Хотя автор «Улисса» представляется почти по-научному объективным, а иногда прибегает и к «научному» лексикону, его произведение отличается тем не менее по-настоящему ненаучной односторонностью; «Улисс» — это лишь одно отрицание. Отрицание это, правда, творческое. «Улисс» — это творческое разрушение, не геростратовское актерство, а серьезное действо, направленное на то, чтобы тыкать своего современника носом в действительность, как она тоже есть, причем делать это не со злонамеренным умыслом, а с безграничной наивностью художника, следующего объективности. Книгу эту можно со спокойной совестью назвать пессимистической, хотя в самом ее конце, чуть ли не на последней странице, и можно предположить, что через тучи пробивается свет избавления.
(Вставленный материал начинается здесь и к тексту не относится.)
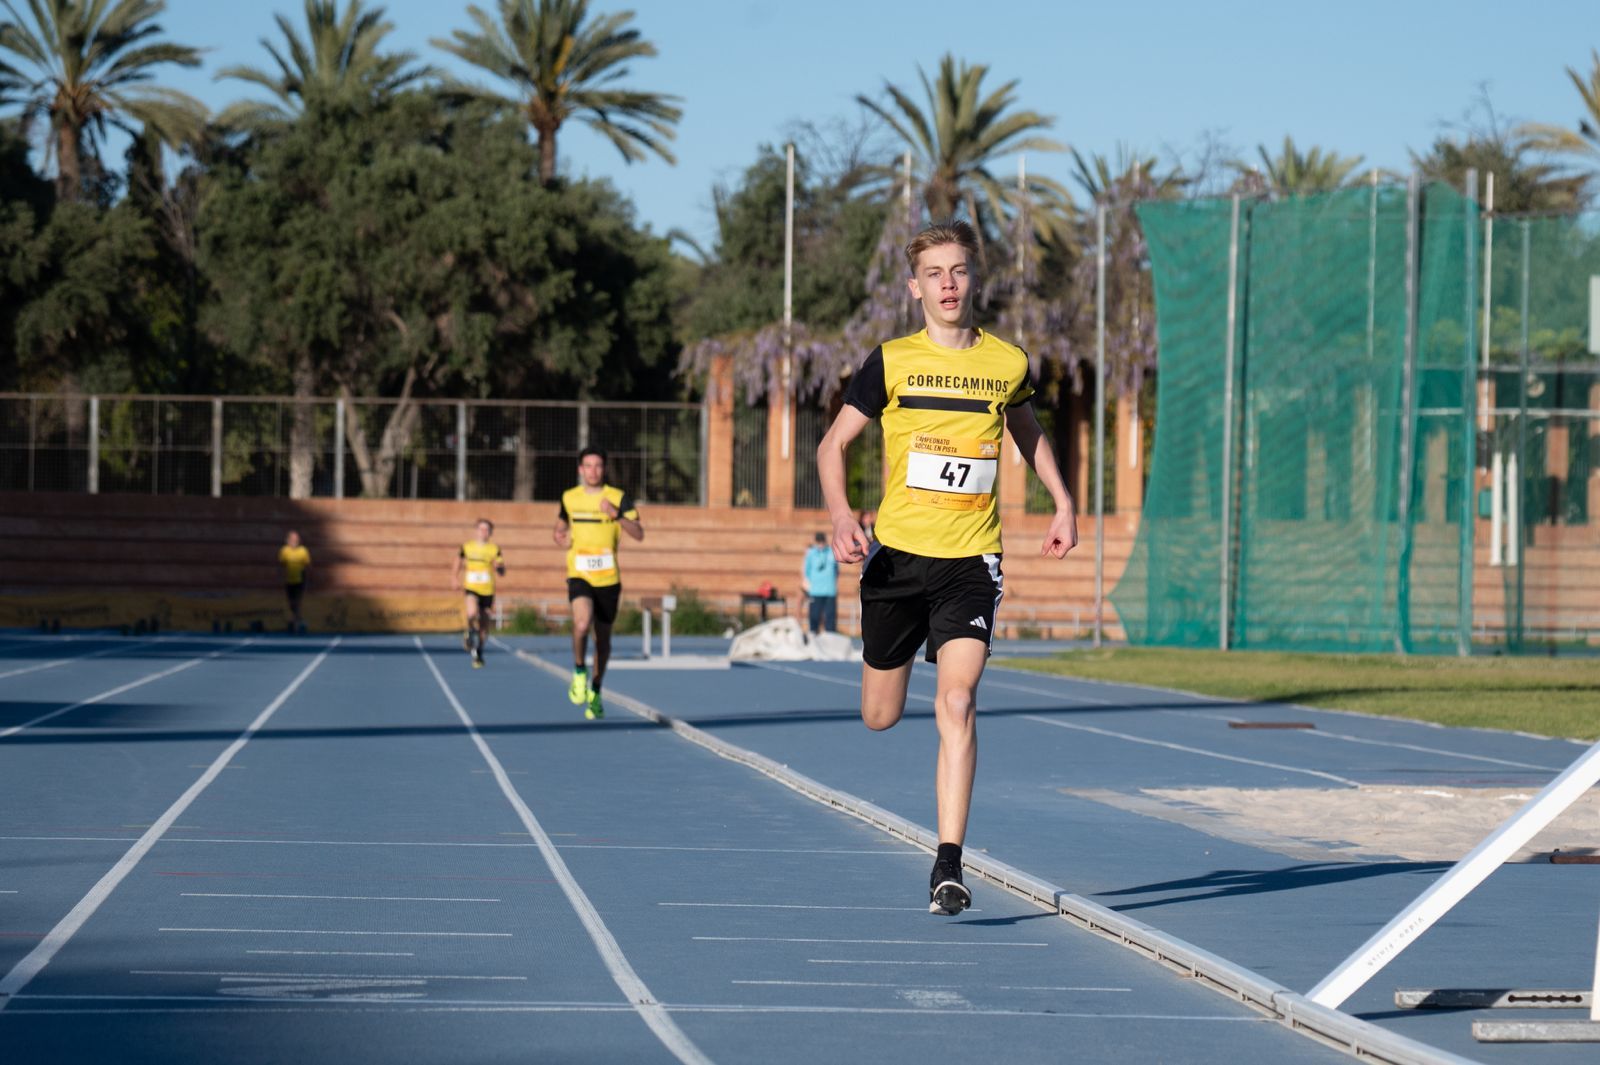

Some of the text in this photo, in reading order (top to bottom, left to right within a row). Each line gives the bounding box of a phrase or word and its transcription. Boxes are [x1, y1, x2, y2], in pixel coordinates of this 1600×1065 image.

[907, 374, 1009, 393] CORRECAMINOS
[915, 435, 950, 446] CAMPEONATO
[914, 443, 933, 451] SOCIAL
[939, 461, 971, 488] 47
[587, 558, 603, 568] 120
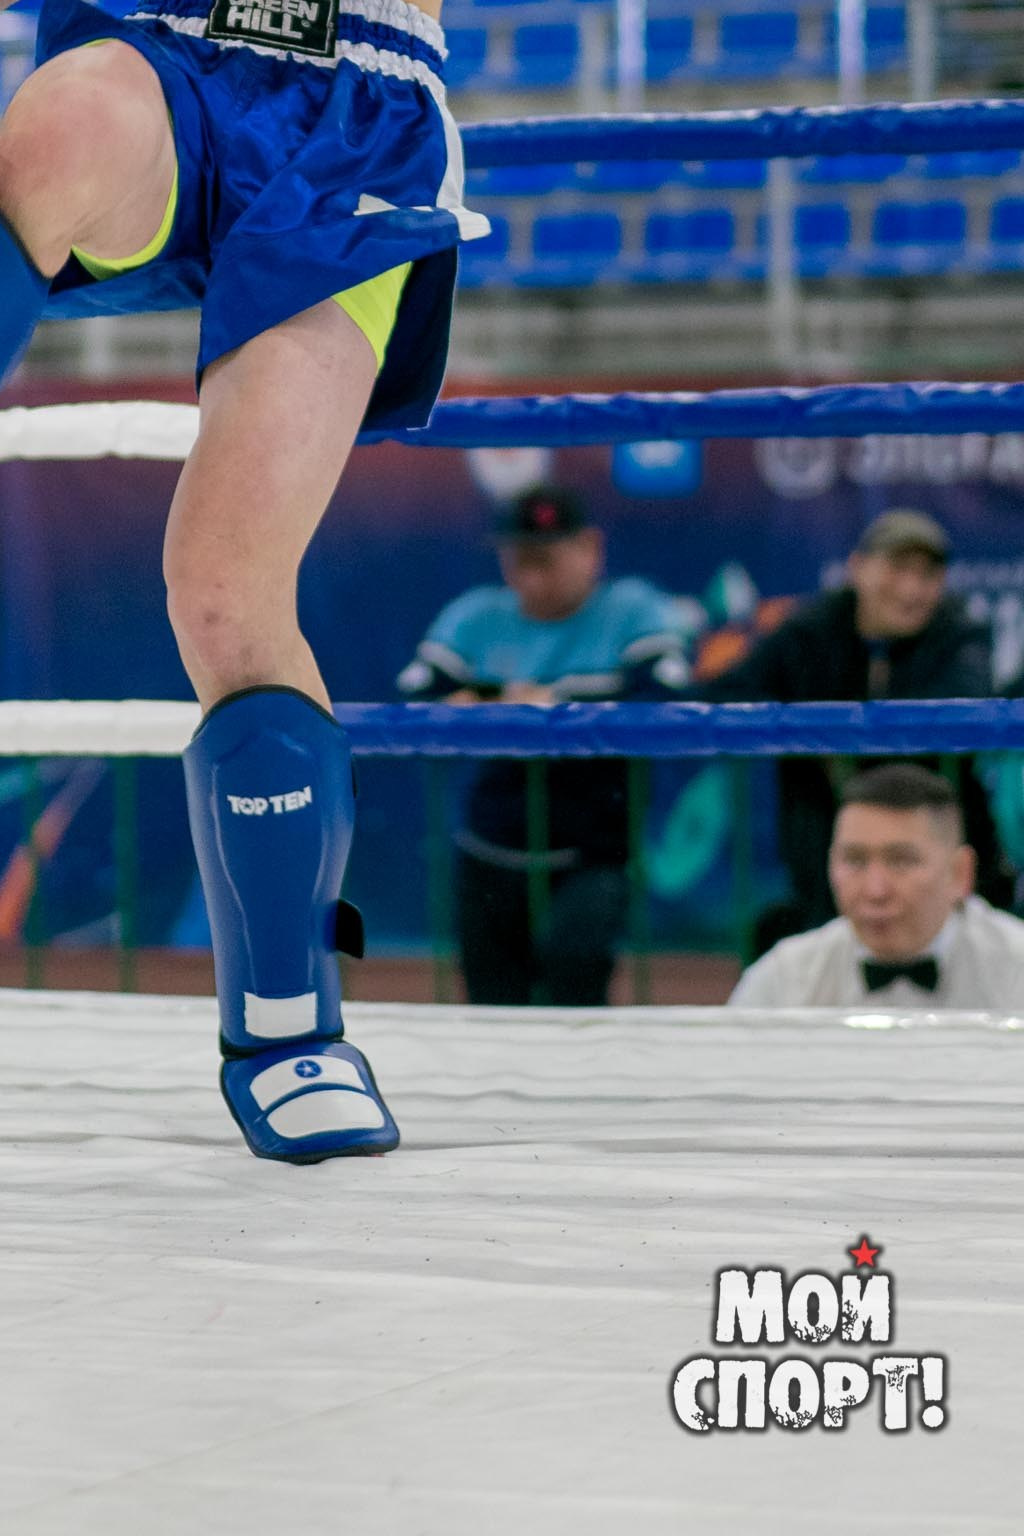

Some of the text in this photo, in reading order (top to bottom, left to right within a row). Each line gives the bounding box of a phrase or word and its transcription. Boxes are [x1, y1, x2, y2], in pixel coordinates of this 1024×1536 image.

Да, лишь на одной странице, примерно на 734-й, вы узнаете, что оставили преисподнюю позади. В текущем перед вами грязевом потоке то здесь, то там бросаются в глаза излучающие великолепное сияние кристаллы, по которым и не-модернист может догадаться, что Джойс — это настоящий художник, что он «может»,— а для современного художника это разумеется совсем не само собой, даже если он и подлинный мастер, поскольку этот мастер руководствуется такими высшими целями, которые заставляют его с набожной кротостью принижать свои творческие возможности. Каким бы радикальным ни было отречение Джойса, оно не стало для него обращением в новую веру, и он как был, так и остался ревностным католиком: он использует взрывчатую силу своего таланта главным образом против разделения церкви и психологических образований, прямо или косвенно этим вызванных. Современный мир отрицается Джойсом как несоответствующий характерной для высокого средневековья, сплошь провинциальной и тем самым католической атмосфере Эрина[767], судорожно пытающейся ликовать по поводу своей политической самостоятельности. В каких бы дальних странах ни работал над «Улиссом» его автор, с Матери-Церкви и своей Ирландии он, как преданный сын, не спускал глаз, и чужая земля нужна была ему лишь как якорь, не дающий его кораблю погибнуть в пучине нахлынувших на него ирландских воспоминаний и связанных с ними горьких переживаний. Но что касается мира как такового, то по крайней мере в «Улиссе» он так никогда и не добрался до Джойса хотя бы в виде молчаливо принимаемой им предпосылки. Улисс не стремится в свою Итаку, напротив, он отчаянно пытается скрыться от самого факта своего рождения в Ирландии.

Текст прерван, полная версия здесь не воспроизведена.